Datalog Extensions for the Analysis of Static and Streaming Data
This is an extension of the fellowship "MaSI3: A Massively Scalable Intelligent Information Infrastructure" (EP/K00607X/1).
Intelligent data management techniques play a key role in areas such as healthcare, business, and government. Healthcare providers such as Kaiser Permanente use such techniques for auditing; companies such as RailComplete use them to verify transport infrastructure designs; and oil producers such as StatOil analyse streaming sensor data to diagnose faults and prevent failures. To simplify the management of the data, intelligent information systems (IISs) provide services that (i) capture the semantics of the data using background knowledge about the application domain, and (ii) use reasoning to infer information implicit in the data and the background knowledge. The vision of the MaSI3 fellowship is to make intelligent information systems a reality by developing scalable reasoning and query answering techniques. The techniques developed in the project to date provide the foundation for a new IIS called RDFox. The system is based on datalog -- a language that models background knowledge of IISs using 'if-then' rules.
Extensive engagement with users within MaSI3 has revealed great potential of RDFox for data analysis -- an exciting new application of IISs. The term 'data analysis' covers a broad range of techniques, which can include searching for patterns and predicting future behaviour using statistical and machine learning algorithms. In many cases, however, data analysis involves the use of data manipulation tasks that aggregate data, verify properties, or answer queries. Such tasks are typically solved imperatively (e.g., using languages such as Java or Scala) by specifying how to manipulate the data, which is undesirable because the objective of the analysis is often obscured by evaluation concerns. It has been argued that data analysis should be declarative: users should describe what the desired output is, rather than how to compute it. For example, instead of computing shortest paths in a graph using a concrete algorithm, one should (i) describe what a path length is, and (ii) state that only paths of minimum length are needed. Such a specification is independent of evaluation details, which allows the user to focus his attention on the task at hand. An evaluation strategy can be chosen later to satisfy specific requirements; for example, parallelisation or incremental techniques can be reused 'for free' to speed up computation or update the output after applying a change to the input.

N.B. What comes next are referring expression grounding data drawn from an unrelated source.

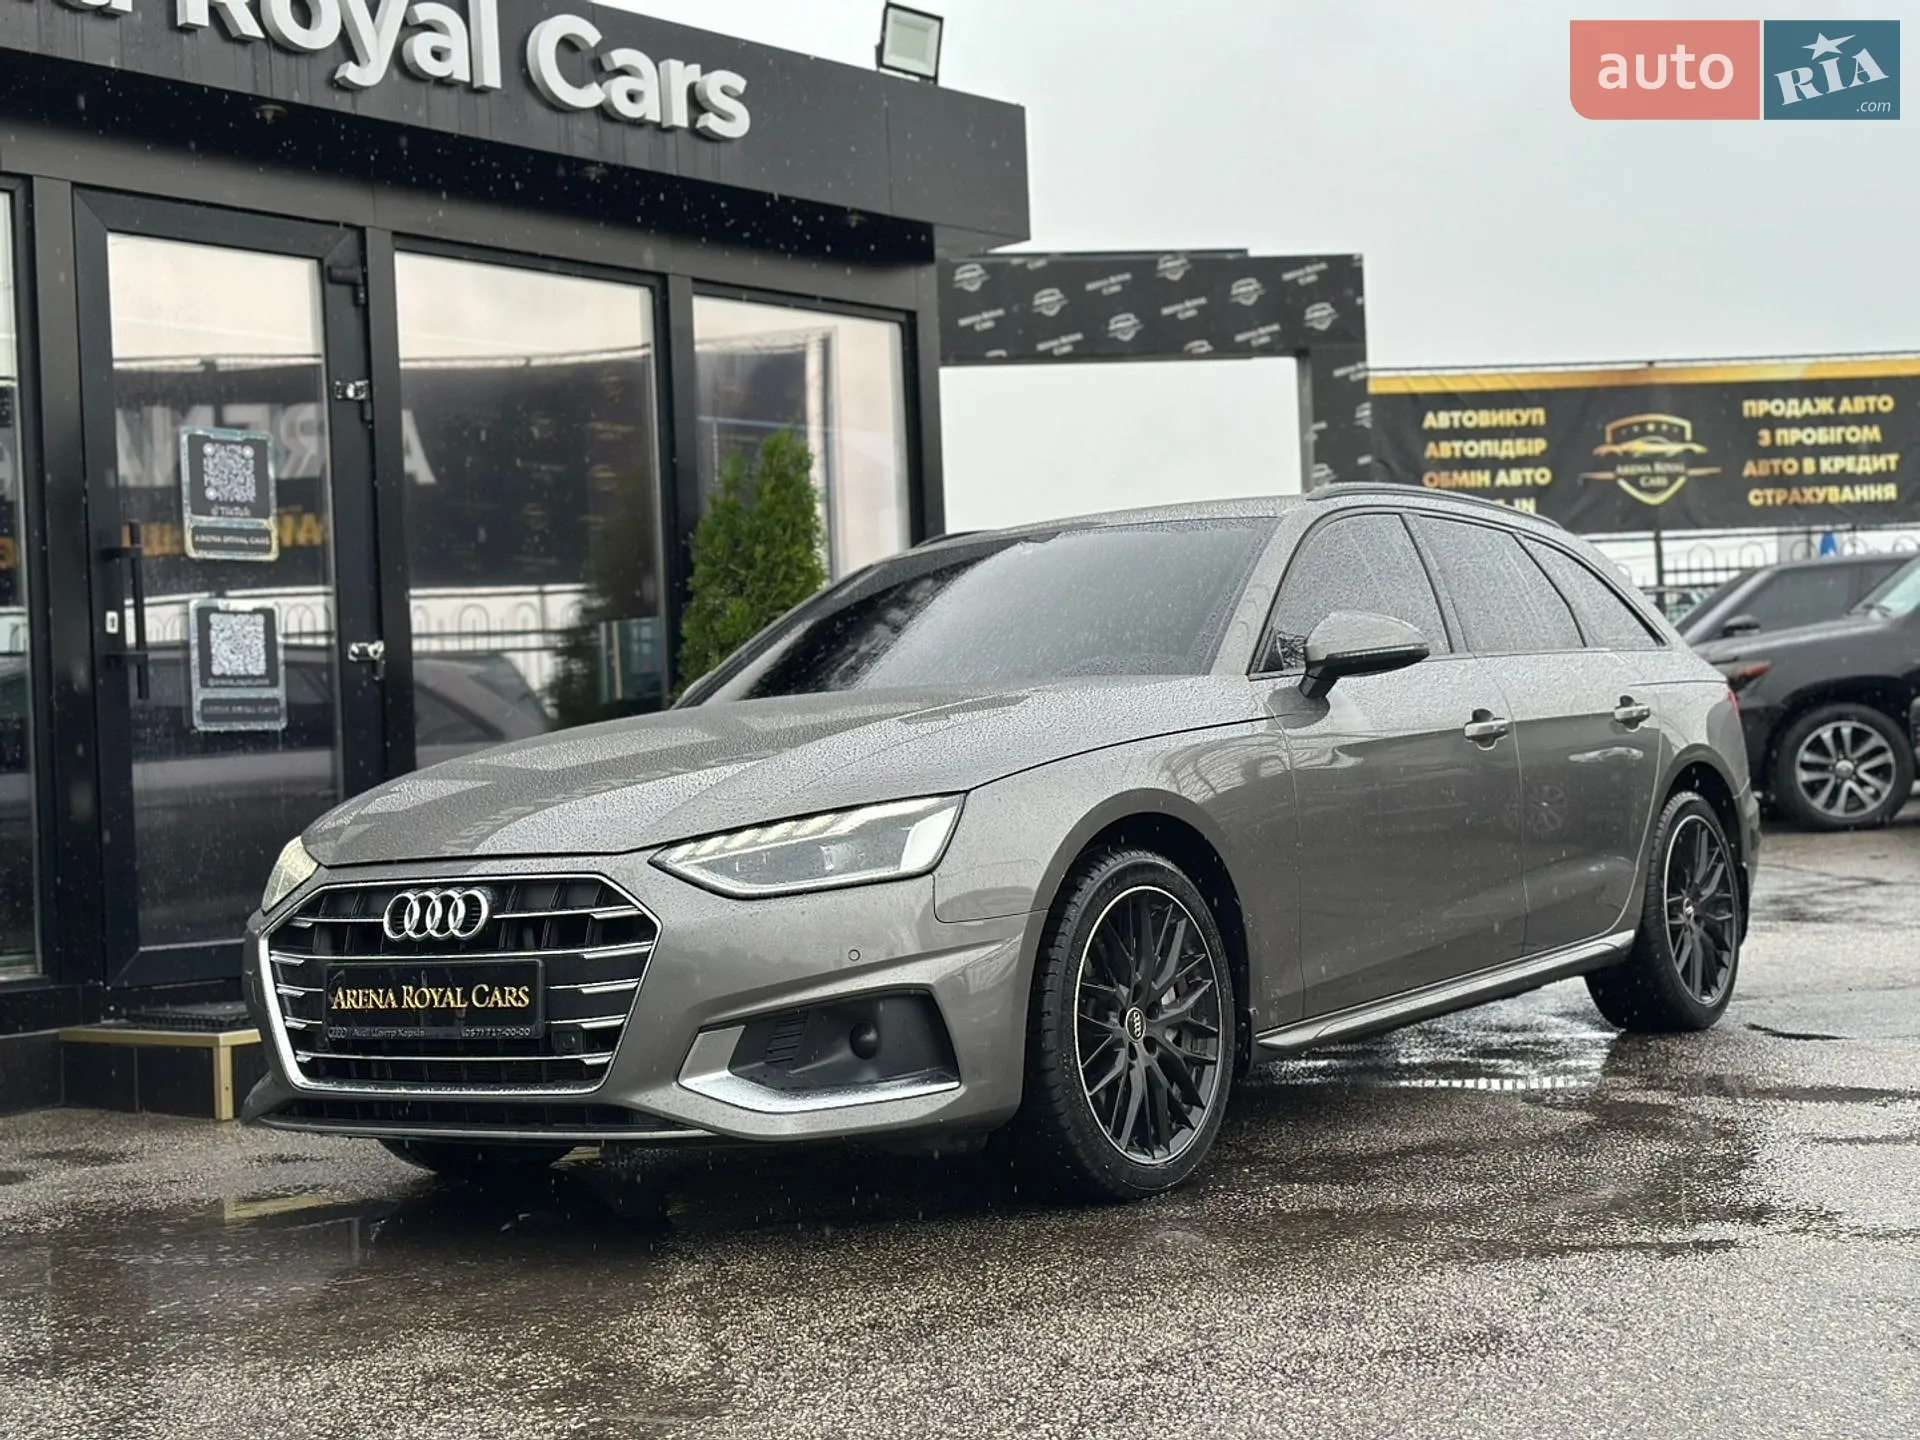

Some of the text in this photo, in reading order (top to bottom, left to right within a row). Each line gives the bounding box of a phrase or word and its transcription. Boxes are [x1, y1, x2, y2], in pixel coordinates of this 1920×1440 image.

[527, 14, 751, 141] Cars
[1422, 407, 1547, 430] АВТОВИКУП
[1742, 395, 1895, 419] ПРОДАЖ АВТО
[1775, 424, 1882, 446] ПРОБІГОМ
[1424, 437, 1549, 461] АВТОПІДБІР
[1742, 453, 1901, 478] АВТО В КРЕДИТ
[1422, 467, 1553, 489] ОБМІН АВТО
[1747, 483, 1898, 507] СТРАХУВАННЯ
[331, 984, 530, 1010] ARENA ROYAL CARS

A key problem on the path to declarative data analysis is to design a language that can express the relevant tasks. Datalog has been identified as a natural starting point: its expressivity and complexity are well understood, and it is already used to declaratively capture domain knowledge in IISs. My work in the MaSI3 fellowship confirms the potential of datalog, but it has also revealed the inability of datalog to express several natural and common data analysis problems. For example, datalog cannot answer the bill of materials query (i.e., count the occurrences of a part in a hierarchical product structure); moreover, basic datalog cannot express the shortest paths problem, and datalog extensions that can express this problem are inefficient when used with known reasoning algorithms. Furthermore, there are challenges in using datalog in a streaming setting (i.e., where data is produced continuously).

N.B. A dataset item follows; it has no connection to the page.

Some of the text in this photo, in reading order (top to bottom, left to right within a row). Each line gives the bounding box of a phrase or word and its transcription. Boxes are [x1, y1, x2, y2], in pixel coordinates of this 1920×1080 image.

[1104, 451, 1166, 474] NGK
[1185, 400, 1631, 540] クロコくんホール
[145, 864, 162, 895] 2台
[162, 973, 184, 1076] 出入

Thus, the objective of this fellowship extension is to develop datalog extensions for data analysis in IISs, establish links with known problem solving methods (e.g., dynamic programming), and evaluate the results with my collaborators. My main research problems are about language design, and are thus to an extent independent of the specific evaluation methods. I will validate my results by implementing them in RDFox, but they can also be implemented in Big Data frameworks such as Hadoop and Spark.